- _Assignment_:
The records below are to be restated word for word; their pictures are not.

········

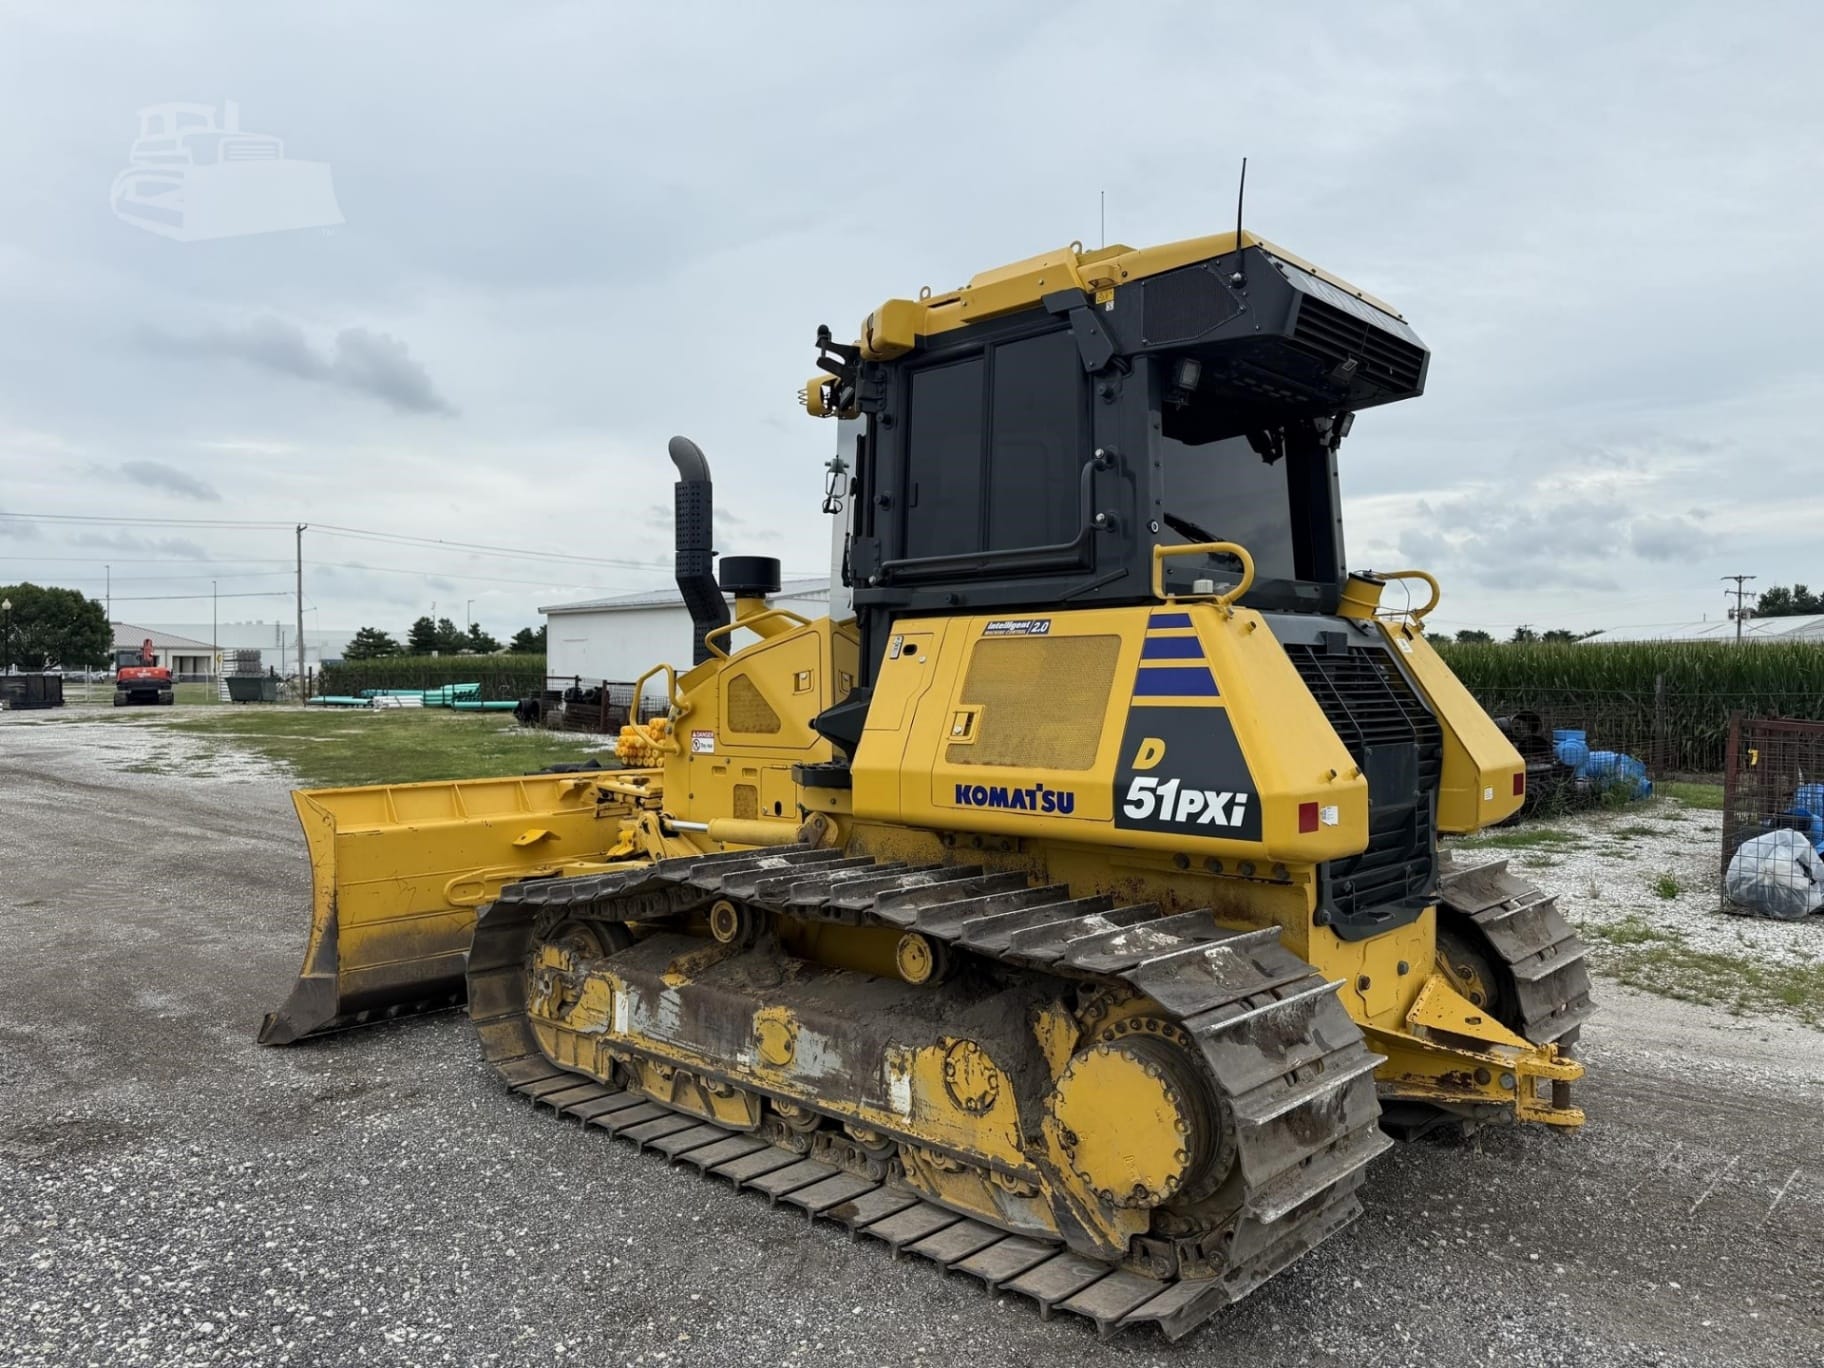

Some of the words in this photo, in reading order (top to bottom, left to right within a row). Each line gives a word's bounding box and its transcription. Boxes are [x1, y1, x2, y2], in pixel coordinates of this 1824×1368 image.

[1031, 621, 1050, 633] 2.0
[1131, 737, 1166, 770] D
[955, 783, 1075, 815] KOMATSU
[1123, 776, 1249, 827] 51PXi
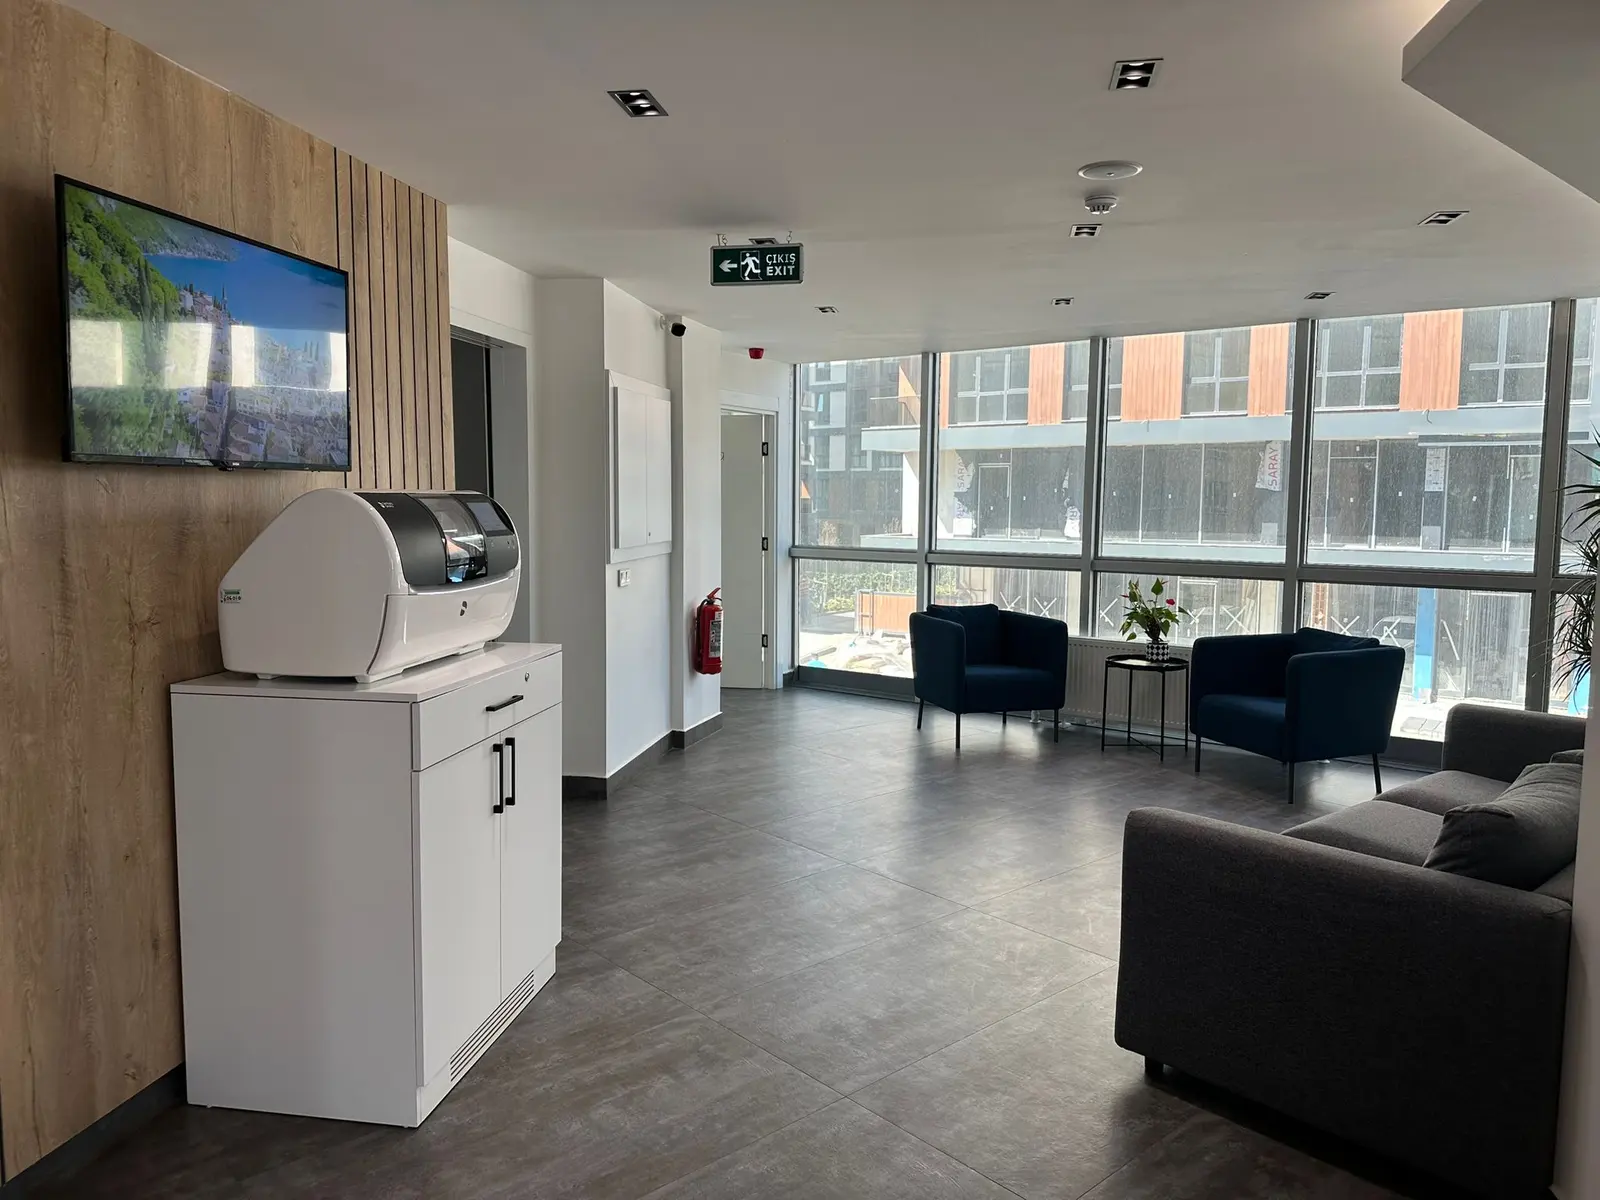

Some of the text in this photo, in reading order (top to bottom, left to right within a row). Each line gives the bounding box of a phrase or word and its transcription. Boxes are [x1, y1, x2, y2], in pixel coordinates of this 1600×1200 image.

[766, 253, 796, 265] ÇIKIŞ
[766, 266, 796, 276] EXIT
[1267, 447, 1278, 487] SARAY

········

- _Solution_:
Some of the words in this photo, in reading order (top to bottom, left to right within a row). Each line gives a word's bounding box and its transcription. Boxes are [x1, y1, x2, y2], in pixel coordinates of this 1824×1368 image.

[1031, 621, 1050, 633] 2.0
[1131, 737, 1166, 770] D
[955, 783, 1075, 815] KOMATSU
[1123, 776, 1249, 827] 51PXi

Some of the text in this photo, in reading order (top to bottom, left to right within a row). Each line gives the bounding box of a phrase or word and its transcription. Boxes are [x1, y1, x2, y2], in pixel coordinates of this 1600×1200 image.

[766, 253, 796, 265] ÇIKIŞ
[766, 266, 796, 276] EXIT
[1267, 447, 1278, 487] SARAY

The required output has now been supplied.